As for CO2, RE fuels are 1% of the CO2 of gasoline. New combustion tech captures CO2 as part of the secondary combined cycle and thus is "free" as it were. It costs 40 cents/gallon to capture the need CO2 for 1 gallon of gasoline if pulled from air. That means nuclear fuel (e-gasoline) can be 6 cents/kwh retail.
What are you talking about?
I don’t really understand most of what you are saying because I am a bear of little brain but I would say that my 7 yr old EV is charged with my 15 yr old solar panels in the summer and by North Sea wind at night in the winter. How can that be 10 to 30 times more expensive than drilling, shipping, refining, road tankering and then burning at 30 % efficiency with no regenerative brakes? Apart from the cost and carbon considerations what about air quality and energy security without relying on corrupt undemocratic countries like Russia, Venezuelan and Saudi?
@@guygillmore2970 I explained already that Tony Seba from Stanford is the globalists top RE guy. To get to 100% RE requires overbuild of 4 times and battery costing around 3.5 more than a single RE resource. The Cost curve is U shaped where the minimum cost is a combination of widely disbursed RE sources with a certain amount of battery to cover loads. The cost is 7.5 times MORE than what a single RE resource would produce over a year, I call X.

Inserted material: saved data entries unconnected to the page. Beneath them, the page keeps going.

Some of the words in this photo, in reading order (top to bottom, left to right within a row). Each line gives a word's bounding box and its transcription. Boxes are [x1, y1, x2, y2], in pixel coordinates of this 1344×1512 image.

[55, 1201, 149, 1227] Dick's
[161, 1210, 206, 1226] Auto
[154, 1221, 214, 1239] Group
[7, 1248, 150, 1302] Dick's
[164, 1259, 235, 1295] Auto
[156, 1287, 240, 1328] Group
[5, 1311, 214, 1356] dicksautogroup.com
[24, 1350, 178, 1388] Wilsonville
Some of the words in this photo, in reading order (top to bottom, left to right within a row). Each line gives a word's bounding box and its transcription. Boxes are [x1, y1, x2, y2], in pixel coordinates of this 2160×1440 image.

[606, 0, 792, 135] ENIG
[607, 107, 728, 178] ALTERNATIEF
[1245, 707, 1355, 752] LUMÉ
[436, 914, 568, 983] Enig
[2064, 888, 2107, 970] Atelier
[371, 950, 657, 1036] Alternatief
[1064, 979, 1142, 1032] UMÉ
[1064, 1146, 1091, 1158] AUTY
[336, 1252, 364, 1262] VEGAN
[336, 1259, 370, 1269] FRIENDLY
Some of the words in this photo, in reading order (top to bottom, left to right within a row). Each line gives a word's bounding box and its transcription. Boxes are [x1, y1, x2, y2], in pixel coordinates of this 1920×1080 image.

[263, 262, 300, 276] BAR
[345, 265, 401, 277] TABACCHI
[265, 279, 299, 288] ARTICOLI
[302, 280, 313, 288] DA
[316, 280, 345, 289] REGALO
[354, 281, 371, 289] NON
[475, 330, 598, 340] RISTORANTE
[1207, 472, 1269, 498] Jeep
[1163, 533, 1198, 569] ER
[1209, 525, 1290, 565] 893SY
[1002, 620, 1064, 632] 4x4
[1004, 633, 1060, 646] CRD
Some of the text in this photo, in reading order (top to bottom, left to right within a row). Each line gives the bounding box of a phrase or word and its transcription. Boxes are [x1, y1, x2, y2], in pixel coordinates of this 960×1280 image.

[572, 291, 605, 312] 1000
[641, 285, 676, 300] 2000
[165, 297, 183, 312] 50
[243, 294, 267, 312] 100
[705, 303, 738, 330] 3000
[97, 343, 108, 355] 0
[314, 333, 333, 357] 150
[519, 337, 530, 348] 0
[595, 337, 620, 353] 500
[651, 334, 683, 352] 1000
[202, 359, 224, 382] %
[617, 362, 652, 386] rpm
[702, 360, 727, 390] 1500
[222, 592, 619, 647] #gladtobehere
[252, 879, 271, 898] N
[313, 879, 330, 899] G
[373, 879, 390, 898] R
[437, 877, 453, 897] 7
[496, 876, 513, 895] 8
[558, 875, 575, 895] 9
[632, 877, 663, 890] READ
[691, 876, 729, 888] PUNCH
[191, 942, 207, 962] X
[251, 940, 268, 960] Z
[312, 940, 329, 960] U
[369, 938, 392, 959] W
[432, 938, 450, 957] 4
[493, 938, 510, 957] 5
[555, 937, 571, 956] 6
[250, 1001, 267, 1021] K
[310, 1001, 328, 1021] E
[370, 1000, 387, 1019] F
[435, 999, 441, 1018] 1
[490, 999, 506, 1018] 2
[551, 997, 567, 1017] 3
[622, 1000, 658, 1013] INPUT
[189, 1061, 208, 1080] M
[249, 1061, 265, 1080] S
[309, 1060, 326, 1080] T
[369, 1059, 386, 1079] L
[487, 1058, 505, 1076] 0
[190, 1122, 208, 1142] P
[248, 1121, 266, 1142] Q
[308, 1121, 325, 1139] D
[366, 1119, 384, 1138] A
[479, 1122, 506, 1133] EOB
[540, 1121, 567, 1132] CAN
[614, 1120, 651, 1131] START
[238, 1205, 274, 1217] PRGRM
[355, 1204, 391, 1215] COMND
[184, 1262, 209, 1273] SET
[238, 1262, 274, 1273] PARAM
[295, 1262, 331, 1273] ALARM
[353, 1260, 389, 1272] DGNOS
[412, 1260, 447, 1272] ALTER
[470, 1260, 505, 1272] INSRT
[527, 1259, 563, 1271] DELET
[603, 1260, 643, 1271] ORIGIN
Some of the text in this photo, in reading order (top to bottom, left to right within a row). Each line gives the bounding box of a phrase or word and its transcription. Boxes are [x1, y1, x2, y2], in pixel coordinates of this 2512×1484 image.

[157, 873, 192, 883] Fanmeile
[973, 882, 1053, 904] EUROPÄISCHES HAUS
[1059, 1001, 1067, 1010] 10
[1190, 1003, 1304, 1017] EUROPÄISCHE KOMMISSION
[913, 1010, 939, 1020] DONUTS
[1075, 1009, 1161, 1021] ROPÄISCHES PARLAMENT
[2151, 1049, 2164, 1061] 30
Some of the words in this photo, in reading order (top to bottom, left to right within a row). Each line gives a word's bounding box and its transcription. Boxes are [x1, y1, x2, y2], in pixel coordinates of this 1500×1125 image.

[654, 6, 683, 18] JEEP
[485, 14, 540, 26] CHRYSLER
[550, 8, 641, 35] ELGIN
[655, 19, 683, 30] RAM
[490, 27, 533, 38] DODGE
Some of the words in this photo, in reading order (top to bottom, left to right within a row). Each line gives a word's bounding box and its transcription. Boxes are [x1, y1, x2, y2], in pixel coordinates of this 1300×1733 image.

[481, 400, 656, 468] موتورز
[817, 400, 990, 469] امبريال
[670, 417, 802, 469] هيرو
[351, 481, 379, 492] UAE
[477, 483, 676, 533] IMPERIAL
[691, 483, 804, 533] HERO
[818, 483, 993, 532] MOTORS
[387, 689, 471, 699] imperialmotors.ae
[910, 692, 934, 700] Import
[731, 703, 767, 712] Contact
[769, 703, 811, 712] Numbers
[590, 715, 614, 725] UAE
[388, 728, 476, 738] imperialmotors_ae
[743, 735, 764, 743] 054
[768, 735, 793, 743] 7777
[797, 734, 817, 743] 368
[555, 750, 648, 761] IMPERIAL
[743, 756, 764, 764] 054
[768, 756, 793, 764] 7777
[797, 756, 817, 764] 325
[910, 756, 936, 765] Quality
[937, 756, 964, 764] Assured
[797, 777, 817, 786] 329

Making fuel costs 2x. Grid is 7.5x. 7.5/2=3.75x more for grid with both using inverters. Fuel making does NOT need inverters (DC USED) so the cost factor is 1.33x. 3.75 x 1.33 = 5x more for grid.
New solar THERMAL tech will cost 3x less than PV and last 3x longer for a 9x factor. 5 x 9 = 45 times MORE for grid vs fuel making.
New combustion tech will make a car 1.5x better MPGe than an EV. 45 x 1.5 = 67.5 times more for Grid based EV vs fuel from stand alone RE per distance. Game over for EVs.
Again, RE and nuclear made fuels is the future. Key to getting off oil is making from electricity and CO2: 1) fuel, 2) chemicals, and 3) plastics. EVs just rob cash flow to help end oil. Again, the fastest way OFF oil is via oil and new combustion tech that I am working on. HINT.
Total and utter nonsense! Keep your oil and gas propaganda!
Battery prices are down to $60/kWh and falling long term to around $20/kWh this coincides with falling raw material costs with massive mining coming online. The Chinese battery manufacture yield 98% of raw material ending up in the shipped battery, and they are perfecting this even more.
Wind+Solar+Battery+UHV is way cheaper than anything else and we will power EVERYTING (except long haul flights) with electricity within the next 10-20 years.
Once can see in Hawaii, how Wind+Solar+Battery make electricity cheaper and cheaper. Any country which does not switch fast enough, will not be competitive and run it's economy into the ground.